= Beginning of Section =
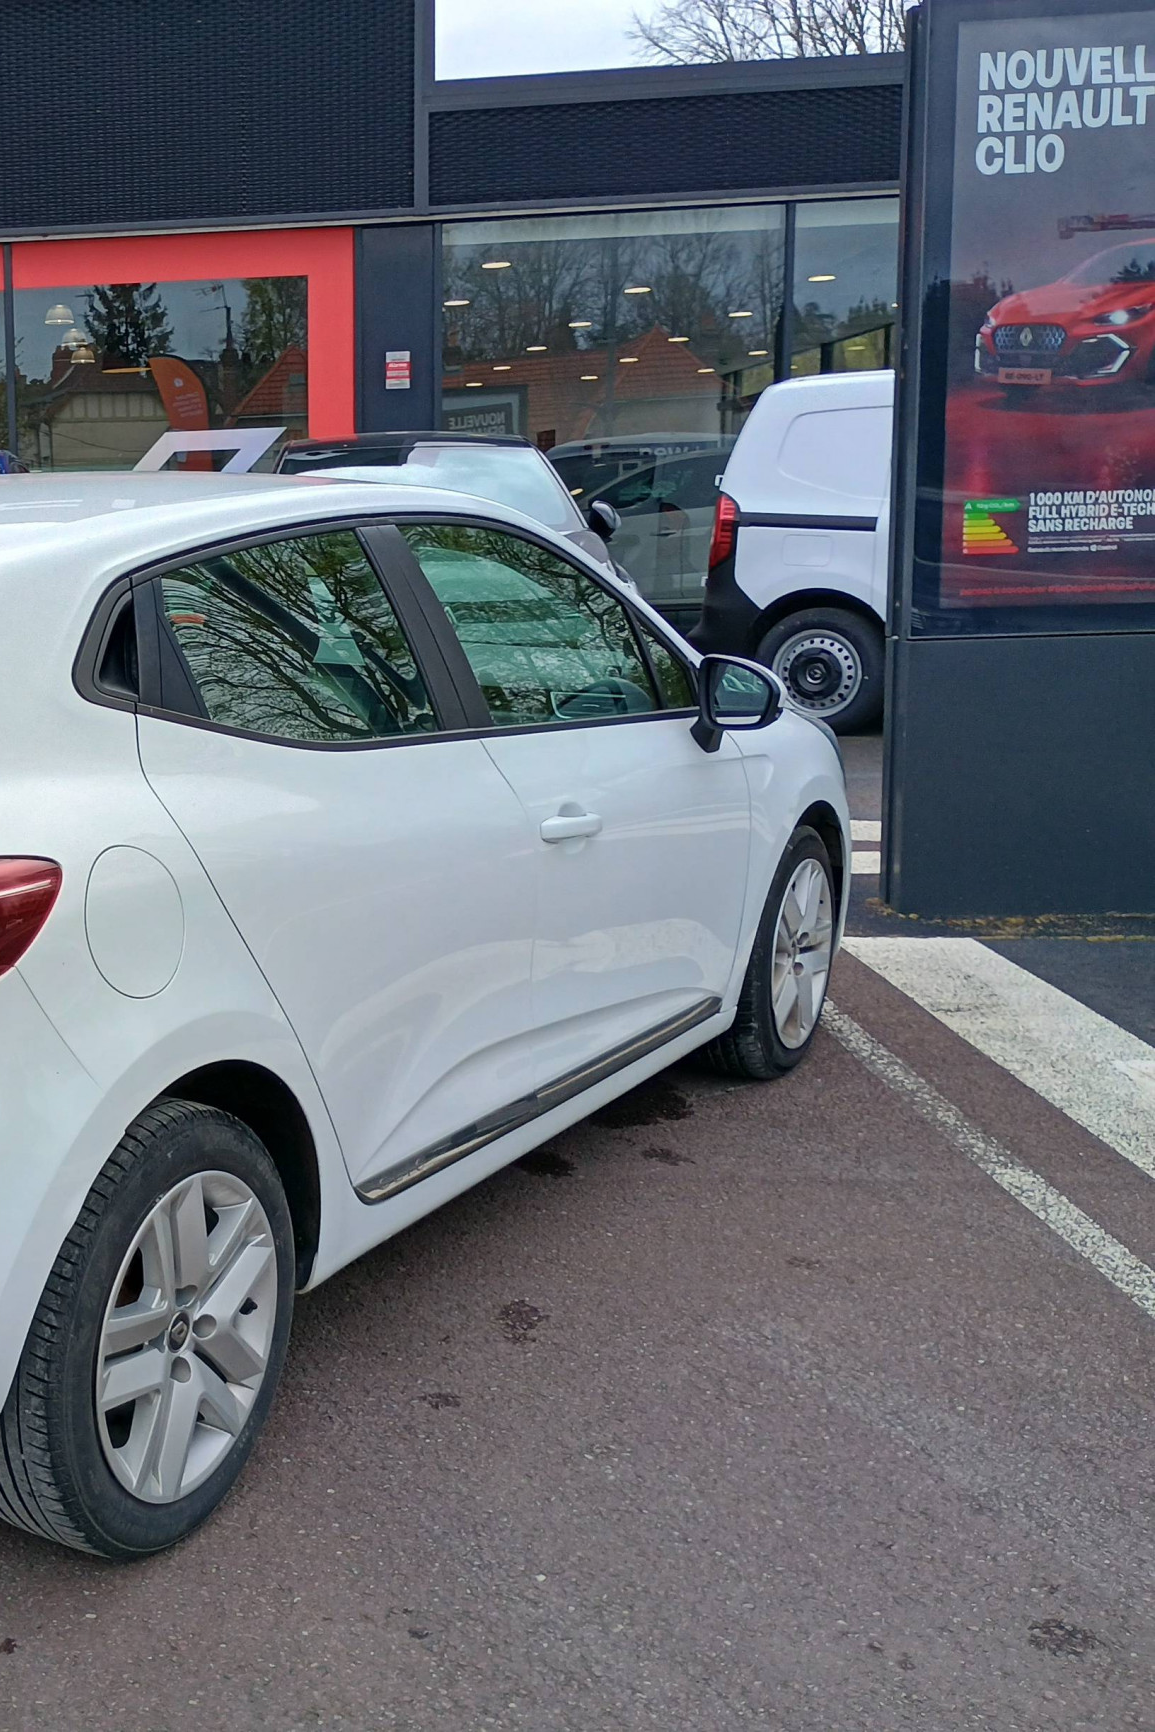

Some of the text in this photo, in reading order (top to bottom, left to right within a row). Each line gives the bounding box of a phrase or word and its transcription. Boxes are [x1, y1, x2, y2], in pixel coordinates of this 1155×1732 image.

[977, 86, 1155, 133] RENAULT
[975, 133, 1065, 175] CLIO
[1064, 491, 1084, 505] KM
[1028, 506, 1060, 519] FULL
[1061, 504, 1109, 518] HYBRID
[1111, 503, 1155, 516] E-TECH
[1027, 516, 1134, 532] SANS RECHARGE
= End of Section =
● WHAT IS EXPECTED:
Copy out the data verbatim, excluding the pictures.

● RESPONSE TO THIS EXERCISE:
Some of the text in this photo, in reading order (top to bottom, left to right within a row). Each line gives the bounding box of a phrase or word and its transcription. Boxes are [x1, y1, x2, y2], in pixel coordinates of this 1155×1732 image.

[977, 86, 1155, 133] RENAULT
[975, 133, 1065, 175] CLIO
[1064, 491, 1084, 505] KM
[1028, 506, 1060, 519] FULL
[1061, 504, 1109, 518] HYBRID
[1111, 503, 1155, 516] E-TECH
[1027, 516, 1134, 532] SANS RECHARGE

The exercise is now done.